Modules are accessed as paths starting either from the root or from the current module. This applies to both inline modules and modules as separate files.
// private module: only accessible within the same scope (file / module)
mod sample {
// bring an inner module to this scope
pub use public_fn as inner_public_fn; // rename to inner_public_fn
// default: private
fn private_fn() {}
// public to parent module
pub fn public_fn() {}
// public interface to private_fn
pub fn public_interface() {
private_fn(); // sample::private_fn
inner::limited_super();
inner::limited_module();
}
// public module: accessible via `sample`
pub mod inner {
fn private_fn() {}
pub fn public_fn() {}
pub fn public_interface() {
private_fn(); // inner::private_fn
super::hidden::public_fn(); // `inner` and `hidden` are in
// the same scope, so this is Ok.
}
// public only to the immediate parent module
pub(super) fn limited_super() {}
// public only to the specified ancestor module
pub(in crate::sample) fn limited_module() {}
// public to the entire crate
pub(crate) fn limited_crate() {}
}
// private module: can only be accessed by `sample`
mod hidden {
fn private_fn() {}
pub fn public_fn() {}
pub fn public_interface() {
private_fn() // hidden::private_fn
}
// It's not possible to access module `sample::hidden` from outside of
// `sample`, so `fn limited_crate` is public only to the `sample`
// module.
pub(crate) fn limited_crate() {}
}
}
fn main() {
// functions can be accessed by their path
sample::public_fn();
sample::public_interface();
sample::inner_public_fn(); // sample::inner::public_fn
// ERROR: private_fn() is private
// sample::private_fn();
// nested modules can be accessed by their path
sample::inner::public_fn();
sample::inner::public_interface();
sample::inner::limited_crate();
// ERROR: private_fn() is private
// sample::inner::private_fn();
// ERROR: limited_super() is only public within `sample`
// sample::inner::limited_super();
// ERROR: limited_module() is only public within `sample`
// sample::inner::limited_module();
// ERROR: `hidden` module is private
// sample::hidden::private_fn();
// ERROR: `hidden` module is private
// sample::hidden::public_fn();
// ERROR: `hidden` module is private
// sample::hidden::public_interface();
// `use` brings specific items into scope
{
// a single function
use sample::public_fn;
public_fn();
// begin path from crate root
use crate::sample::public_interface;
public_interface();
// rename an item
use sample::inner::public_fn as other_public_fn;
other_public_fn();
}
{
// multiple items from a single module
use sample::{public_fn, public_interface};
public_fn();
public_interface();
}
{
// `self` in this context refers to the `inner` module
use sample::inner::{self, public_fn};
public_fn();
inner::public_interface();
}
{
// bring everything from `sample` into this scope
use sample::*;
public_fn();
public_interface();
inner::public_fn();
inner::public_interface();
}
{
// paths can be combined
use sample::{
public_fn,
inner::public_fn as other_public_fn
};
public_fn(); // sample::public_fn
other_public_fn() // inner::public_fn
}
}
Cargo.toml
[lib]
name = "sample"
path = "lib/sample.rs"
Module directory structure
.
|-- lib
|-- sample.rs
|-- file.rs
|-- dir/
|-- mod.rs
|-- public.rs
|-- hidden.rs
./lib/sample.rs: this is the path indicated by path
in Cargo.toml
// a module in a single file named `file.rs`
pub mod file;
// a module in a directory named `dir`
pub mod dir;
// functions / enums / structs / etc can be defined here also
pub fn foo() {}
./lib/file.rs
pub fn foo() {}
A file named mod.rs
is required when creating a module from a directory.

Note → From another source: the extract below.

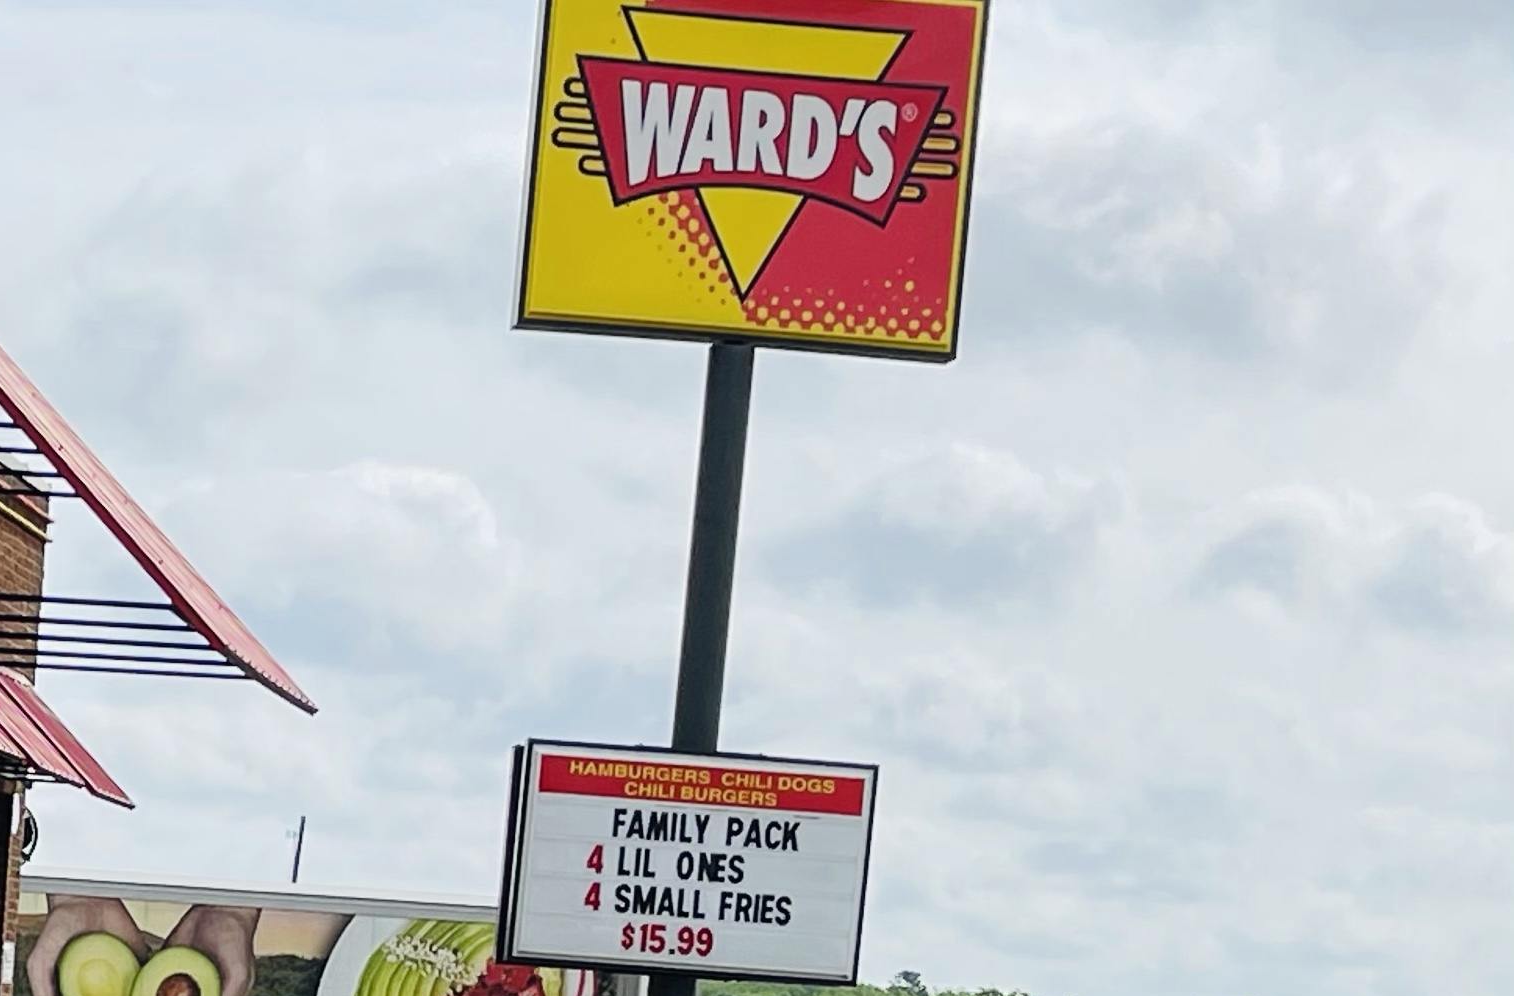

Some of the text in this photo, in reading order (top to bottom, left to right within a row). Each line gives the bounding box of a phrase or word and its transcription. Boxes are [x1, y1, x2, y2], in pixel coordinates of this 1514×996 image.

This file specifies item visibility and specifies additional modules.
./lib/dir/mod.rs:
// a module in a single file named `hidden.rs`
mod hidden;
// a module in a single file named `public.rs`
pub mod public;
pub fn foo() {}
./lib/dir/hidden.rs
pub fn foo() {}
./lib/dir/public.rs
pub fn foo() {}
./src/main.rs
fn main() {
sample::file::foo();
sample::dir::public::foo();
sample::dir::foo();
// ERROR: `hidden` module not marked as `pub`
// sample::dir::hidden::foo();
}
Rust supports testing both private and public functions and will also test examples present in documentation.
Using a dedicated test
module within each file for testing is common:
use std::borrow::Cow;
// a function to test
fn capitalize_first_letter<'a>(input: &'a str) -> Cow<'a, str> {
use unicode_segmentation::UnicodeSegmentation;
// do nothing if the string is empty
if input.is_empty() {
Cow::Borrowed(input)
} else {
let graphemes = input.graphemes(true).collect::<Vec<&str>>();
if graphemes.len() >= 1 {
let first = graphemes[0];
let capitalized = first.to_uppercase();
let remainder = graphemes[1..]
.iter()
.map(|s| s.to_owned())
.collect::<String>();
Cow::Owned(format!("{capitalized}{remainder}"))
} else {
Cow::Borrowed(input)
}
}
}
// another function to test
fn is_local_phone_number(num: &str) -> bool {
use regex::Regex;
let re = Regex::new(r"[0-9]{3}-[0-9]{4}").unwrap();
re.is_match(num)
}
// Use the `test` configuration option to only compile the `test` module
// when running `cargo test`.
#[cfg(test)]
mod test {
// scoping rules require us to use whichever functions we are testing
use super::{is_local_phone_number, capitalize_first_letter};
// use the #[test] annotation to mark the function as a test
#[test]
fn accepts_valid_numbers() {
// assert! will check if the value is true, and panic otherwise.
// Test failure is marked by a panic in the test function.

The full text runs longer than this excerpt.